- _Material for this task_
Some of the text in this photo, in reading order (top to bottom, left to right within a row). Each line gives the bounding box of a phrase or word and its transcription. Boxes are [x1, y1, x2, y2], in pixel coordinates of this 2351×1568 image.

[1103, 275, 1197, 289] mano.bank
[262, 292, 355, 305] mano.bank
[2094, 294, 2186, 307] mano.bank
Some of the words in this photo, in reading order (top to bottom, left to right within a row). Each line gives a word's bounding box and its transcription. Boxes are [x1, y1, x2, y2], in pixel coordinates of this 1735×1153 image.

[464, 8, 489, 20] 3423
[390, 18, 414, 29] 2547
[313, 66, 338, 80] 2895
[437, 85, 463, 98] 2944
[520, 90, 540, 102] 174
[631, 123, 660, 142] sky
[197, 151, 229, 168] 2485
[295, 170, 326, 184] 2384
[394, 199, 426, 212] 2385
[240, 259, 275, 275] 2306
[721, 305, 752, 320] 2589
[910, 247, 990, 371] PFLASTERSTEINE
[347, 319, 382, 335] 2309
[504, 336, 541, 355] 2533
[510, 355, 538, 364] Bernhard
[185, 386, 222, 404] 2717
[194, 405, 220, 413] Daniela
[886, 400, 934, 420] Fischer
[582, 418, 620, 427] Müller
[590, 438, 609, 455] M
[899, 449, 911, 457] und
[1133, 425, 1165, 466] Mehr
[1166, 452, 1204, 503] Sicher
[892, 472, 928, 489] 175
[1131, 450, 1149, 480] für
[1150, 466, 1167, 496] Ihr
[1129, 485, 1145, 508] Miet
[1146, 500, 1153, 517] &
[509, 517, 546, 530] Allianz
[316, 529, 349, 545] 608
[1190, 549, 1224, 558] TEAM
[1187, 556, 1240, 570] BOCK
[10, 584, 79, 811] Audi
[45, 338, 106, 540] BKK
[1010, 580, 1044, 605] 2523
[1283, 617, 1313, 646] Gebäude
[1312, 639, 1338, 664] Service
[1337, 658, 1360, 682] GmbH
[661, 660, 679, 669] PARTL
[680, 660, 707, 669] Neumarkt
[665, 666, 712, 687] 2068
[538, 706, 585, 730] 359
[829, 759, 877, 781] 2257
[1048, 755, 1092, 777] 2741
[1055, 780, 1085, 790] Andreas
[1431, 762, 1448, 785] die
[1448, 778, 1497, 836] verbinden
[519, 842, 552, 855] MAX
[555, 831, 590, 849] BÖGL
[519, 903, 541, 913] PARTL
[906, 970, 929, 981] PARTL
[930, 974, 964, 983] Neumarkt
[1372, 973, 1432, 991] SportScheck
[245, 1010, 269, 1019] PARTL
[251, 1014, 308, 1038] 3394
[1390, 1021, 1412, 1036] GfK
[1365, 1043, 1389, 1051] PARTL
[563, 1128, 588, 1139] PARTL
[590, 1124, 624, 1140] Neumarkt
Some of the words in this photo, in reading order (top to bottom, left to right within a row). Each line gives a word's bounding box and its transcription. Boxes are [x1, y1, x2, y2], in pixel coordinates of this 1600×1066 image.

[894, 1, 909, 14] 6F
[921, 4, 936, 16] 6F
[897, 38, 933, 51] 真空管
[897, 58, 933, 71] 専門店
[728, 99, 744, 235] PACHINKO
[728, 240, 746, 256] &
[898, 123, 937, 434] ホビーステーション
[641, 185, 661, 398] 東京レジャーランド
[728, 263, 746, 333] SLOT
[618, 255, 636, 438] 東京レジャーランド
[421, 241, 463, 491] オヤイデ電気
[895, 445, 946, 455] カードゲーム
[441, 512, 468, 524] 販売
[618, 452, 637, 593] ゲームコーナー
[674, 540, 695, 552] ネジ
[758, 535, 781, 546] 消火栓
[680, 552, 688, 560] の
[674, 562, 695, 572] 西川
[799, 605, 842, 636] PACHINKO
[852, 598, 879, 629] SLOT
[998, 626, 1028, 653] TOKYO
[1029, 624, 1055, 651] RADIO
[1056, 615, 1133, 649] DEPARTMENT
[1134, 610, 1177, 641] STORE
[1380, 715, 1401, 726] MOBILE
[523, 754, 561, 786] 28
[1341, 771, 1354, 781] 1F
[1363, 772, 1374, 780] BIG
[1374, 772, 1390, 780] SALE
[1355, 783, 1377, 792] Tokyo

- _Directions for this task_
Return every record above exactly as written.

- _Response to the task_
Some of the text in this photo, in reading order (top to bottom, left to right within a row). Each line gives the bounding box of a phrase or word and its transcription. Boxes are [x1, y1, x2, y2], in pixel coordinates of this 2351×1568 image.

[1103, 275, 1197, 289] mano.bank
[262, 292, 355, 305] mano.bank
[2094, 294, 2186, 307] mano.bank
Some of the words in this photo, in reading order (top to bottom, left to right within a row). Each line gives a word's bounding box and its transcription. Boxes are [x1, y1, x2, y2], in pixel coordinates of this 1735×1153 image.

[464, 8, 489, 20] 3423
[390, 18, 414, 29] 2547
[313, 66, 338, 80] 2895
[437, 85, 463, 98] 2944
[520, 90, 540, 102] 174
[631, 123, 660, 142] sky
[197, 151, 229, 168] 2485
[295, 170, 326, 184] 2384
[394, 199, 426, 212] 2385
[240, 259, 275, 275] 2306
[721, 305, 752, 320] 2589
[910, 247, 990, 371] PFLASTERSTEINE
[347, 319, 382, 335] 2309
[504, 336, 541, 355] 2533
[510, 355, 538, 364] Bernhard
[185, 386, 222, 404] 2717
[194, 405, 220, 413] Daniela
[886, 400, 934, 420] Fischer
[582, 418, 620, 427] Müller
[590, 438, 609, 455] M
[899, 449, 911, 457] und
[1133, 425, 1165, 466] Mehr
[1166, 452, 1204, 503] Sicher
[892, 472, 928, 489] 175
[1131, 450, 1149, 480] für
[1150, 466, 1167, 496] Ihr
[1129, 485, 1145, 508] Miet
[1146, 500, 1153, 517] &
[509, 517, 546, 530] Allianz
[316, 529, 349, 545] 608
[1190, 549, 1224, 558] TEAM
[1187, 556, 1240, 570] BOCK
[10, 584, 79, 811] Audi
[45, 338, 106, 540] BKK
[1010, 580, 1044, 605] 2523
[1283, 617, 1313, 646] Gebäude
[1312, 639, 1338, 664] Service
[1337, 658, 1360, 682] GmbH
[661, 660, 679, 669] PARTL
[680, 660, 707, 669] Neumarkt
[665, 666, 712, 687] 2068
[538, 706, 585, 730] 359
[829, 759, 877, 781] 2257
[1048, 755, 1092, 777] 2741
[1055, 780, 1085, 790] Andreas
[1431, 762, 1448, 785] die
[1448, 778, 1497, 836] verbinden
[519, 842, 552, 855] MAX
[555, 831, 590, 849] BÖGL
[519, 903, 541, 913] PARTL
[906, 970, 929, 981] PARTL
[930, 974, 964, 983] Neumarkt
[1372, 973, 1432, 991] SportScheck
[245, 1010, 269, 1019] PARTL
[251, 1014, 308, 1038] 3394
[1390, 1021, 1412, 1036] GfK
[1365, 1043, 1389, 1051] PARTL
[563, 1128, 588, 1139] PARTL
[590, 1124, 624, 1140] Neumarkt
Some of the words in this photo, in reading order (top to bottom, left to right within a row). Each line gives a word's bounding box and its transcription. Boxes are [x1, y1, x2, y2], in pixel coordinates of this 1600×1066 image.

[894, 1, 909, 14] 6F
[921, 4, 936, 16] 6F
[897, 38, 933, 51] 真空管
[897, 58, 933, 71] 専門店
[728, 99, 744, 235] PACHINKO
[728, 240, 746, 256] &
[898, 123, 937, 434] ホビーステーション
[641, 185, 661, 398] 東京レジャーランド
[728, 263, 746, 333] SLOT
[618, 255, 636, 438] 東京レジャーランド
[421, 241, 463, 491] オヤイデ電気
[895, 445, 946, 455] カードゲーム
[441, 512, 468, 524] 販売
[618, 452, 637, 593] ゲームコーナー
[674, 540, 695, 552] ネジ
[758, 535, 781, 546] 消火栓
[680, 552, 688, 560] の
[674, 562, 695, 572] 西川
[799, 605, 842, 636] PACHINKO
[852, 598, 879, 629] SLOT
[998, 626, 1028, 653] TOKYO
[1029, 624, 1055, 651] RADIO
[1056, 615, 1133, 649] DEPARTMENT
[1134, 610, 1177, 641] STORE
[1380, 715, 1401, 726] MOBILE
[523, 754, 561, 786] 28
[1341, 771, 1354, 781] 1F
[1363, 772, 1374, 780] BIG
[1374, 772, 1390, 780] SALE
[1355, 783, 1377, 792] Tokyo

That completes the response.